Tous les ans, à l’époque du Renouveau des Infidèles, par les nuits claires de Janvier, deux cavaliers des Gorems traversent au galop le désert de sable qui sépare Tuggurth, les Chotts et Biskra, ils portent, sous une enveloppe de l’agha une feuille d’oranger sur laquelle sont écris trois mots arabes qui disent : Je pense à toi : sois heureux !
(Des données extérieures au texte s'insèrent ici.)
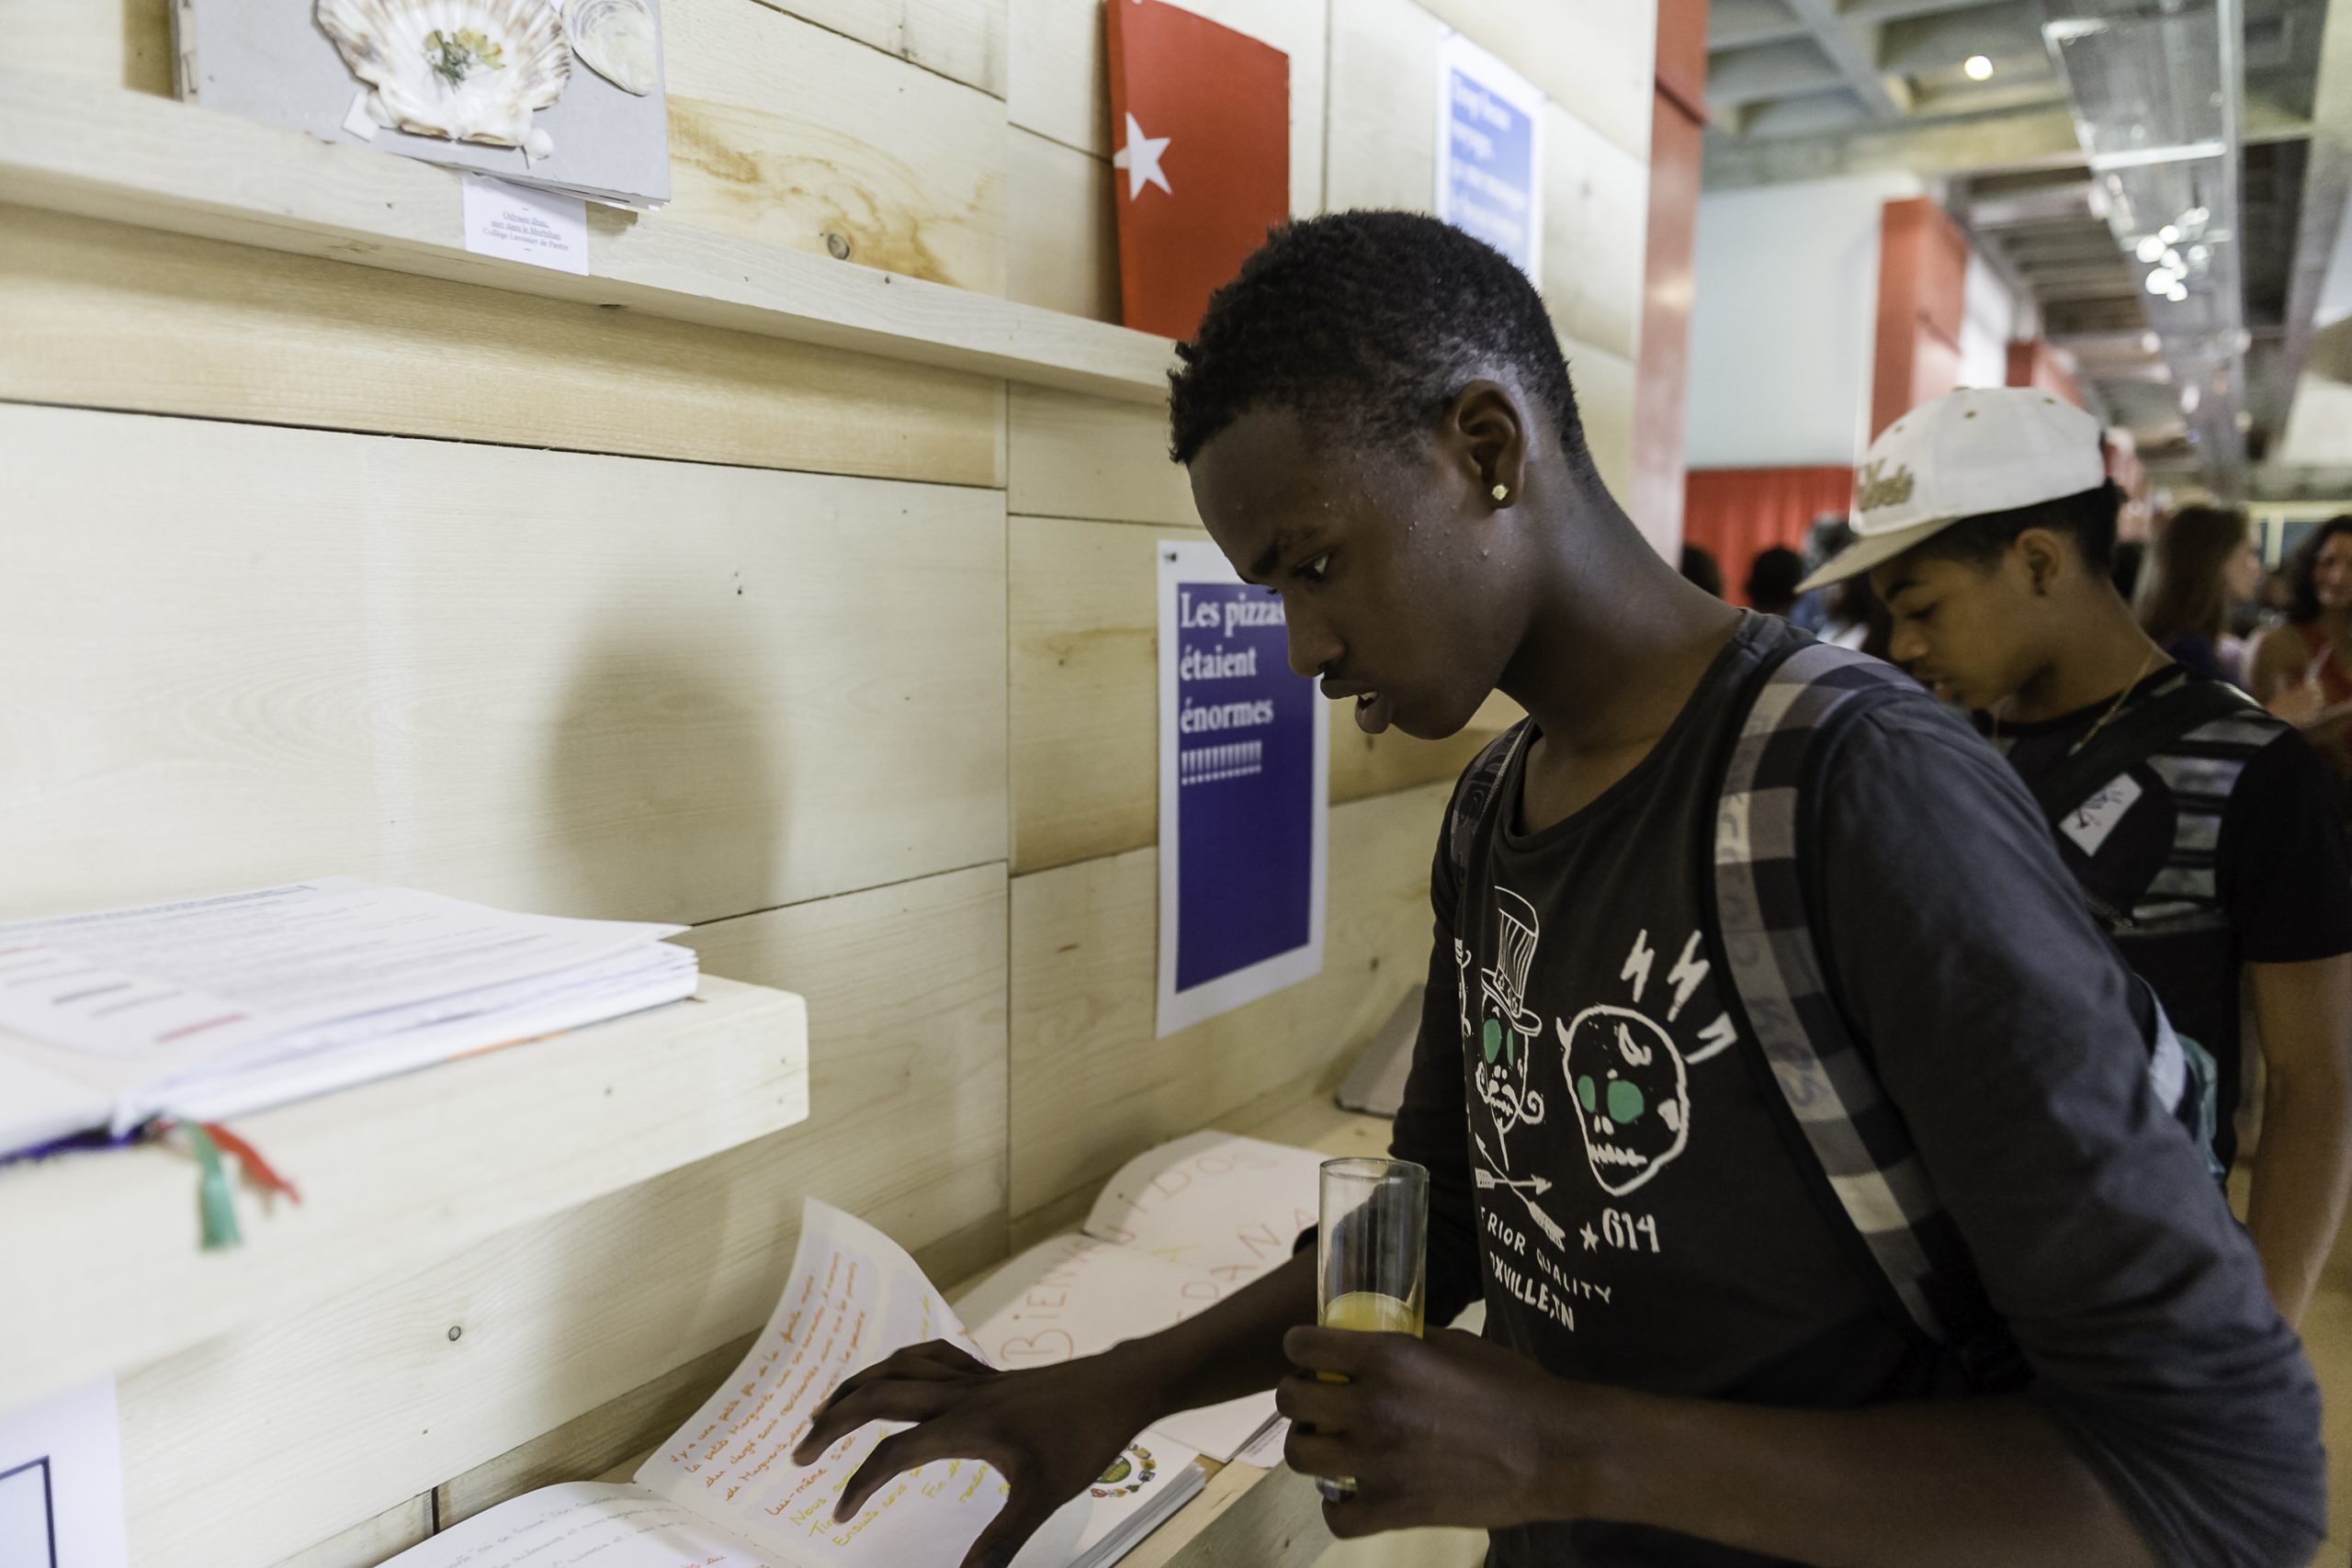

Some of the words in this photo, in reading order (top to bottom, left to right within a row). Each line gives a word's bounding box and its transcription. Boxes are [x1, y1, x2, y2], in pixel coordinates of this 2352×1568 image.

Et audessus de la main du marchis-chef du bureau du télégraphe optique, l’adresse :
À Mr Félicien Rops Chr de la Légion d’honneur, et peintre du Gouvernement de la République Française. 1 Place de Monsieur Boieldieu.
à Paris
(France)
J’ai été Mon Cher Donnay, huit jours, dans une académie, ce que je disais encore à ce brave Picard, pour clarifier nos discussions d’art : – & j’y ai entendu des sottises pour le restant de mes jours ! – Le Serment des Trois Suisses ! – « Toute l’Académie concourrera » dit pompeusement « le Maître » ! Quel beau sujet, Messieurs ! Mettez vous dans le sentiment de Guillaume Tell ! Comprenez le héros !
[1r° : 4]
Mettez vous dans son sentiment ! Le Sentiment de qui ? Le Sentiment de quoi ? Celui de Pamphile mon voisin de gauche, ou celui de Mr de Fénélon !
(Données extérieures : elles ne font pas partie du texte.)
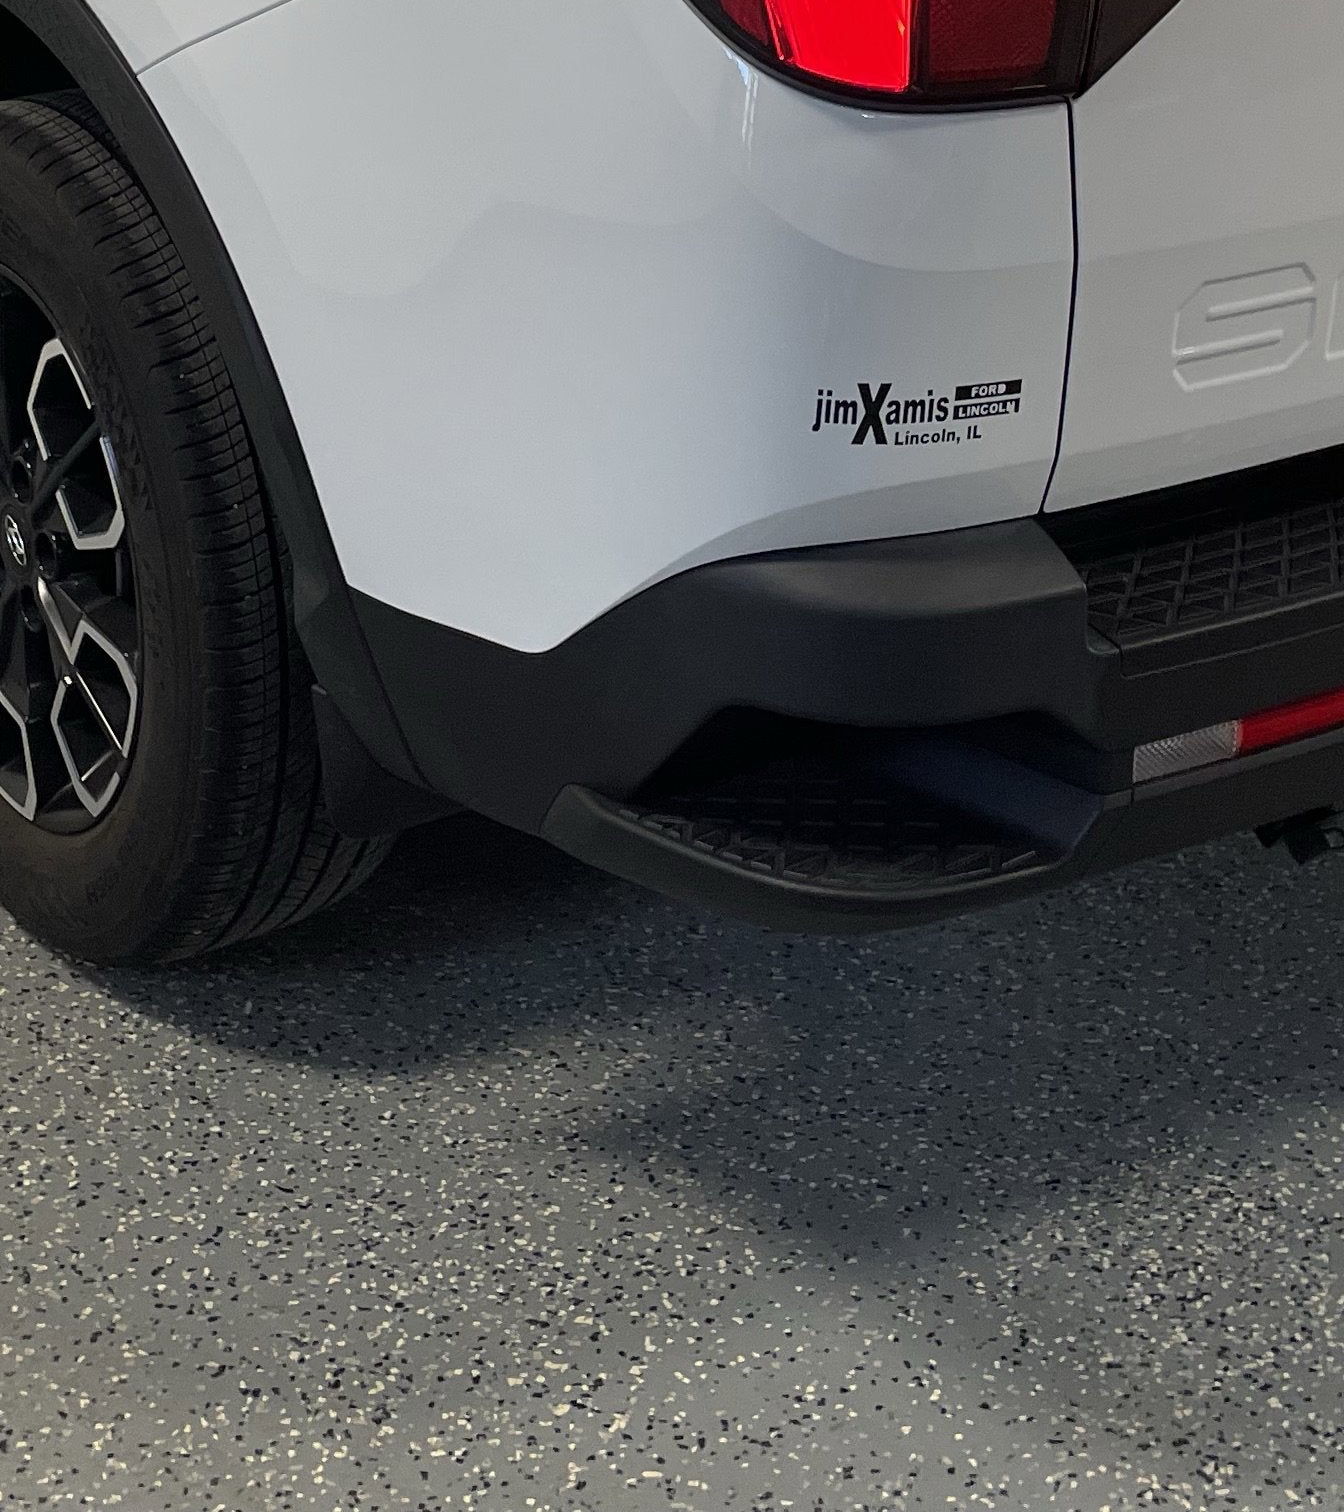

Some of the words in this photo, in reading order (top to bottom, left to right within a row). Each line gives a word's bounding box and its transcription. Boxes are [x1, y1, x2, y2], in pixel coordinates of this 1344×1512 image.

[970, 383, 1007, 398] FORD
[958, 401, 1016, 418] LINCOLN
[894, 428, 961, 445] Lincoln,
[966, 425, 982, 440] IL
Je crois que la Peinture peut se résumer en quelques mots : « Apprendre son métier, ne pas apprendre son art. » Votre art est en vous depuis la première minute, ou petite enfant vous avez ouvert les yeux à la vie. Vous ne pouviez l’exprimer mais il y était ! – Quant au métier : on n’en sait jamais trop, et sous ce rapport le mouvement actuel est très faible. On désaprend le coté bon ouvrier, qui dans les arts matériels joue un très grand rôle. Le peintre Ingres n’a dit qu’un mot honnête, & je ne croirai jamais qu’il ait pu le dire ! C’est ceci : Si vous avez du métier pour un million, & si vous en trouvez encore à acheter pour un sou, achetez, on n’en a jamais trop !
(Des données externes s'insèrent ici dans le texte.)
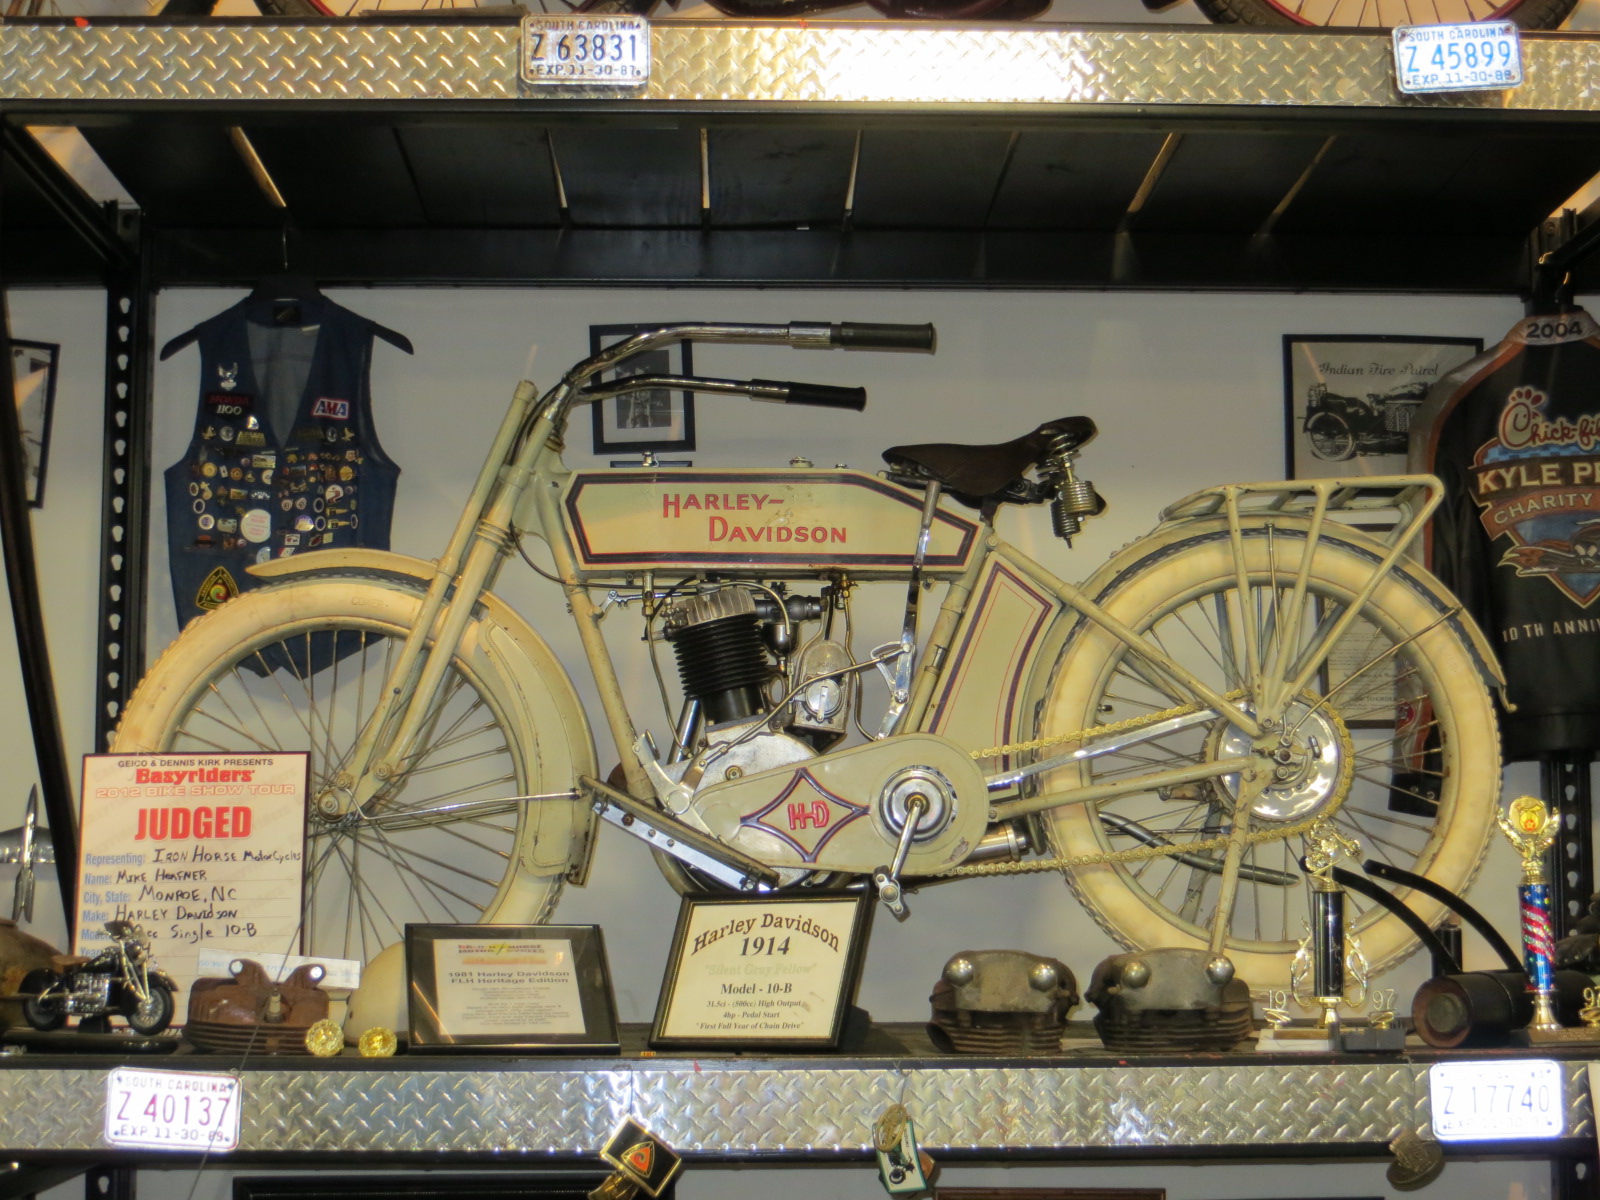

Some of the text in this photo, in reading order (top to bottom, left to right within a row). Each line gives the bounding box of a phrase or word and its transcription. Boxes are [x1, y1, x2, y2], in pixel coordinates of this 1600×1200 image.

Et maintenant bon courage ! Mon Cher Donnay, et merci. Je crois que nous n’en resterons pas là, et que je pourrai je l’espère avoir encore recours à votre talent. Voulez vous que j’expose votre « automne » chez Barc de Bouteville, & à La Librairie Indépendante ? Ce sont de bons endroits o[ù] passent beaucoup de gens que l’art intéresse ? Si vous avez quelques études ou de petits tableaux, ou aquarelles à faire voir, envoyez les moi, je les mettrai dans cette boutique de Barc. C’est une nouvelle exposition, en boutique, rue Lepelletier, o[ù] ne se trouvent que des Jeunes, & cela a bon air & bon espoir.
J’espère vous voir en mai-juin. Tout le monde est enchanté du tableau, & on vous envoie les amitiés de la Maison.
Je vous serre bien affectueusement la main.